▶ Exercise goal:
Copy every record exactly as it appears in the data below.

────────────────────────────────────────

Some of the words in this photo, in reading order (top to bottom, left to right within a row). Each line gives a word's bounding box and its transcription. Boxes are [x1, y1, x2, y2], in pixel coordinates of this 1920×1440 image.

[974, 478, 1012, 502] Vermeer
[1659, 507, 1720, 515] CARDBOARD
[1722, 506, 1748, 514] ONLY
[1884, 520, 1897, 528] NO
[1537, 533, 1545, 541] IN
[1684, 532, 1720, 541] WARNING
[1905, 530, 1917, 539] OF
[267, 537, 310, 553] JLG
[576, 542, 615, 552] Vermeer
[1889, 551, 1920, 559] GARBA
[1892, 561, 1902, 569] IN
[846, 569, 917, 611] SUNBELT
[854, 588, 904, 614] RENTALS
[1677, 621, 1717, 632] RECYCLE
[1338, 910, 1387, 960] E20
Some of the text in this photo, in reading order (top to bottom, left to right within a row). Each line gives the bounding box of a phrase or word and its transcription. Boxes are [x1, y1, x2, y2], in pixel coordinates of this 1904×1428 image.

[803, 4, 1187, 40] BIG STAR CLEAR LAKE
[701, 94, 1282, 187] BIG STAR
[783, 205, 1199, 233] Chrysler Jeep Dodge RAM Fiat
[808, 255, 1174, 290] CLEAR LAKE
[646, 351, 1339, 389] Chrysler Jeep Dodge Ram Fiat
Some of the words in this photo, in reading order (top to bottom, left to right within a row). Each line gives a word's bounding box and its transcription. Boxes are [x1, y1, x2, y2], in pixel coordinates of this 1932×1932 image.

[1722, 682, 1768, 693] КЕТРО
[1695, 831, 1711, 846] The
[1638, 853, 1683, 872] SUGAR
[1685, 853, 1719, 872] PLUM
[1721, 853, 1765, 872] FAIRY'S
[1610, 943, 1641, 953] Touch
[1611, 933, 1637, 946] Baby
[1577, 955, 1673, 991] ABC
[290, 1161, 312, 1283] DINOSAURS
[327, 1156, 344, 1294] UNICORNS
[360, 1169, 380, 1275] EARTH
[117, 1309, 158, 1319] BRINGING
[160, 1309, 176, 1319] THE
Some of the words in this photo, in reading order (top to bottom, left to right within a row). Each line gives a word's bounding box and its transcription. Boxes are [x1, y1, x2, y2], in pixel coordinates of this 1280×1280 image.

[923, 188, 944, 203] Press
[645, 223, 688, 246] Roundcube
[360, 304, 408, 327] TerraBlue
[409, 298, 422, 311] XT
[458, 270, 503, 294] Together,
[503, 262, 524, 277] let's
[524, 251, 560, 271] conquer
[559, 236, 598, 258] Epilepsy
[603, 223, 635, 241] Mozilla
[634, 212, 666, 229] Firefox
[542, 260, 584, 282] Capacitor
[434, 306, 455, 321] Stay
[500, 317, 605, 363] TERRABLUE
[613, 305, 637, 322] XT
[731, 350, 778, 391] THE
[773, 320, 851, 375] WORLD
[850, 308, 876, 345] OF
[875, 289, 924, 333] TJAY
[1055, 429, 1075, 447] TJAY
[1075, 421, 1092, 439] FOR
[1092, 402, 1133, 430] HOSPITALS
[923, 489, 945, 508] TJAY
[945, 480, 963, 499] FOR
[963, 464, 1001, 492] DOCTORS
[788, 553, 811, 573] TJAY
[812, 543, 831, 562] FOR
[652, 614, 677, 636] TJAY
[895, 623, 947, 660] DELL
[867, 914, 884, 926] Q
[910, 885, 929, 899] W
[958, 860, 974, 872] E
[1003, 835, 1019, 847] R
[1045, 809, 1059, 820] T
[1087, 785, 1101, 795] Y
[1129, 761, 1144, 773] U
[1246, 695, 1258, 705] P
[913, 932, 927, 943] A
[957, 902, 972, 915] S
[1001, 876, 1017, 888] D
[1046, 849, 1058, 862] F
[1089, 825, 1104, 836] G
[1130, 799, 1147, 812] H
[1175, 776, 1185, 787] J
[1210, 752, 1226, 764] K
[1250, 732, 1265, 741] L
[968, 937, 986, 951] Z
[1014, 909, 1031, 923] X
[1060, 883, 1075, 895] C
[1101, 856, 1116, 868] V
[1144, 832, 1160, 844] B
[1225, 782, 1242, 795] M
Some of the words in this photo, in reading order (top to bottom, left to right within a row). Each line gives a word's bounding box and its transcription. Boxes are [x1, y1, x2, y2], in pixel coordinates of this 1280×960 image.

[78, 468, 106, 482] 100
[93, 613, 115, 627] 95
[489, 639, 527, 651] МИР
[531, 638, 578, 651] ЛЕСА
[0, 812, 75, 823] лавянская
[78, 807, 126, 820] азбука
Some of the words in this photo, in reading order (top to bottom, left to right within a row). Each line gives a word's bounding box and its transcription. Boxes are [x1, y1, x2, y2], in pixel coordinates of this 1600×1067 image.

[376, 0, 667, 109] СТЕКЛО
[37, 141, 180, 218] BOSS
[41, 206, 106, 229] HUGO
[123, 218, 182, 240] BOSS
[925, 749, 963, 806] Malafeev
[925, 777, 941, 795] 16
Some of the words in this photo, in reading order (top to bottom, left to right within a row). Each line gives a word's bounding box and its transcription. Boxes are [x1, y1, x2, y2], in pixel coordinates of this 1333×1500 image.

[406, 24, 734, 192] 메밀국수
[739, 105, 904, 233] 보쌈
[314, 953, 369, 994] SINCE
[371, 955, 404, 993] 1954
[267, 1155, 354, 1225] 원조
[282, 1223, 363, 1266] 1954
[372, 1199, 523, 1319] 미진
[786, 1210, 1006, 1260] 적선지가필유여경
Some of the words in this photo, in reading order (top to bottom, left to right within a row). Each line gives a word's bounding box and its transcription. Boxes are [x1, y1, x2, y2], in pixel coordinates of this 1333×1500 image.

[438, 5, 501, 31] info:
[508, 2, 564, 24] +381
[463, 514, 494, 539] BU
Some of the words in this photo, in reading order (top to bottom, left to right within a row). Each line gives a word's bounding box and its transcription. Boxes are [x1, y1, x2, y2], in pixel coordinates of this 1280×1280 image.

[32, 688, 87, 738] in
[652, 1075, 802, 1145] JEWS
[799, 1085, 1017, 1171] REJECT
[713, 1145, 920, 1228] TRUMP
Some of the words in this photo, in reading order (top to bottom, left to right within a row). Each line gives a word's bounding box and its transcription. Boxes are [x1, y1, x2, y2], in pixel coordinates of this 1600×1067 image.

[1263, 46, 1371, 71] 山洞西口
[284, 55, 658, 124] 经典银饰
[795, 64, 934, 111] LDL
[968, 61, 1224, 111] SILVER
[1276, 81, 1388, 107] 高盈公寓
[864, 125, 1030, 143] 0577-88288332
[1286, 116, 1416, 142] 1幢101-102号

────────────────────────────────────────

▶ Solved problem:
Some of the words in this photo, in reading order (top to bottom, left to right within a row). Each line gives a word's bounding box and its transcription. Boxes are [x1, y1, x2, y2], in pixel coordinates of this 1920×1440 image.

[974, 478, 1012, 502] Vermeer
[1659, 507, 1720, 515] CARDBOARD
[1722, 506, 1748, 514] ONLY
[1884, 520, 1897, 528] NO
[1537, 533, 1545, 541] IN
[1684, 532, 1720, 541] WARNING
[1905, 530, 1917, 539] OF
[267, 537, 310, 553] JLG
[576, 542, 615, 552] Vermeer
[1889, 551, 1920, 559] GARBA
[1892, 561, 1902, 569] IN
[846, 569, 917, 611] SUNBELT
[854, 588, 904, 614] RENTALS
[1677, 621, 1717, 632] RECYCLE
[1338, 910, 1387, 960] E20
Some of the text in this photo, in reading order (top to bottom, left to right within a row). Each line gives the bounding box of a phrase or word and its transcription. Boxes are [x1, y1, x2, y2], in pixel coordinates of this 1904×1428 image.

[803, 4, 1187, 40] BIG STAR CLEAR LAKE
[701, 94, 1282, 187] BIG STAR
[783, 205, 1199, 233] Chrysler Jeep Dodge RAM Fiat
[808, 255, 1174, 290] CLEAR LAKE
[646, 351, 1339, 389] Chrysler Jeep Dodge Ram Fiat
Some of the words in this photo, in reading order (top to bottom, left to right within a row). Each line gives a word's bounding box and its transcription. Boxes are [x1, y1, x2, y2], in pixel coordinates of this 1932×1932 image.

[1722, 682, 1768, 693] КЕТРО
[1695, 831, 1711, 846] The
[1638, 853, 1683, 872] SUGAR
[1685, 853, 1719, 872] PLUM
[1721, 853, 1765, 872] FAIRY'S
[1610, 943, 1641, 953] Touch
[1611, 933, 1637, 946] Baby
[1577, 955, 1673, 991] ABC
[290, 1161, 312, 1283] DINOSAURS
[327, 1156, 344, 1294] UNICORNS
[360, 1169, 380, 1275] EARTH
[117, 1309, 158, 1319] BRINGING
[160, 1309, 176, 1319] THE
Some of the words in this photo, in reading order (top to bottom, left to right within a row). Each line gives a word's bounding box and its transcription. Boxes are [x1, y1, x2, y2], in pixel coordinates of this 1280×1280 image.

[923, 188, 944, 203] Press
[645, 223, 688, 246] Roundcube
[360, 304, 408, 327] TerraBlue
[409, 298, 422, 311] XT
[458, 270, 503, 294] Together,
[503, 262, 524, 277] let's
[524, 251, 560, 271] conquer
[559, 236, 598, 258] Epilepsy
[603, 223, 635, 241] Mozilla
[634, 212, 666, 229] Firefox
[542, 260, 584, 282] Capacitor
[434, 306, 455, 321] Stay
[500, 317, 605, 363] TERRABLUE
[613, 305, 637, 322] XT
[731, 350, 778, 391] THE
[773, 320, 851, 375] WORLD
[850, 308, 876, 345] OF
[875, 289, 924, 333] TJAY
[1055, 429, 1075, 447] TJAY
[1075, 421, 1092, 439] FOR
[1092, 402, 1133, 430] HOSPITALS
[923, 489, 945, 508] TJAY
[945, 480, 963, 499] FOR
[963, 464, 1001, 492] DOCTORS
[788, 553, 811, 573] TJAY
[812, 543, 831, 562] FOR
[652, 614, 677, 636] TJAY
[895, 623, 947, 660] DELL
[867, 914, 884, 926] Q
[910, 885, 929, 899] W
[958, 860, 974, 872] E
[1003, 835, 1019, 847] R
[1045, 809, 1059, 820] T
[1087, 785, 1101, 795] Y
[1129, 761, 1144, 773] U
[1246, 695, 1258, 705] P
[913, 932, 927, 943] A
[957, 902, 972, 915] S
[1001, 876, 1017, 888] D
[1046, 849, 1058, 862] F
[1089, 825, 1104, 836] G
[1130, 799, 1147, 812] H
[1175, 776, 1185, 787] J
[1210, 752, 1226, 764] K
[1250, 732, 1265, 741] L
[968, 937, 986, 951] Z
[1014, 909, 1031, 923] X
[1060, 883, 1075, 895] C
[1101, 856, 1116, 868] V
[1144, 832, 1160, 844] B
[1225, 782, 1242, 795] M
Some of the words in this photo, in reading order (top to bottom, left to right within a row). Each line gives a word's bounding box and its transcription. Boxes are [x1, y1, x2, y2], in pixel coordinates of this 1280×960 image.

[78, 468, 106, 482] 100
[93, 613, 115, 627] 95
[489, 639, 527, 651] МИР
[531, 638, 578, 651] ЛЕСА
[0, 812, 75, 823] лавянская
[78, 807, 126, 820] азбука
Some of the words in this photo, in reading order (top to bottom, left to right within a row). Each line gives a word's bounding box and its transcription. Boxes are [x1, y1, x2, y2], in pixel coordinates of this 1600×1067 image.

[376, 0, 667, 109] СТЕКЛО
[37, 141, 180, 218] BOSS
[41, 206, 106, 229] HUGO
[123, 218, 182, 240] BOSS
[925, 749, 963, 806] Malafeev
[925, 777, 941, 795] 16
Some of the words in this photo, in reading order (top to bottom, left to right within a row). Each line gives a word's bounding box and its transcription. Boxes are [x1, y1, x2, y2], in pixel coordinates of this 1333×1500 image.

[406, 24, 734, 192] 메밀국수
[739, 105, 904, 233] 보쌈
[314, 953, 369, 994] SINCE
[371, 955, 404, 993] 1954
[267, 1155, 354, 1225] 원조
[282, 1223, 363, 1266] 1954
[372, 1199, 523, 1319] 미진
[786, 1210, 1006, 1260] 적선지가필유여경
Some of the words in this photo, in reading order (top to bottom, left to right within a row). Each line gives a word's bounding box and its transcription. Boxes are [x1, y1, x2, y2], in pixel coordinates of this 1333×1500 image.

[438, 5, 501, 31] info:
[508, 2, 564, 24] +381
[463, 514, 494, 539] BU
Some of the words in this photo, in reading order (top to bottom, left to right within a row). Each line gives a word's bounding box and its transcription. Boxes are [x1, y1, x2, y2], in pixel coordinates of this 1280×1280 image.

[32, 688, 87, 738] in
[652, 1075, 802, 1145] JEWS
[799, 1085, 1017, 1171] REJECT
[713, 1145, 920, 1228] TRUMP
Some of the words in this photo, in reading order (top to bottom, left to right within a row). Each line gives a word's bounding box and its transcription. Boxes are [x1, y1, x2, y2], in pixel coordinates of this 1600×1067 image.

[1263, 46, 1371, 71] 山洞西口
[284, 55, 658, 124] 经典银饰
[795, 64, 934, 111] LDL
[968, 61, 1224, 111] SILVER
[1276, 81, 1388, 107] 高盈公寓
[864, 125, 1030, 143] 0577-88288332
[1286, 116, 1416, 142] 1幢101-102号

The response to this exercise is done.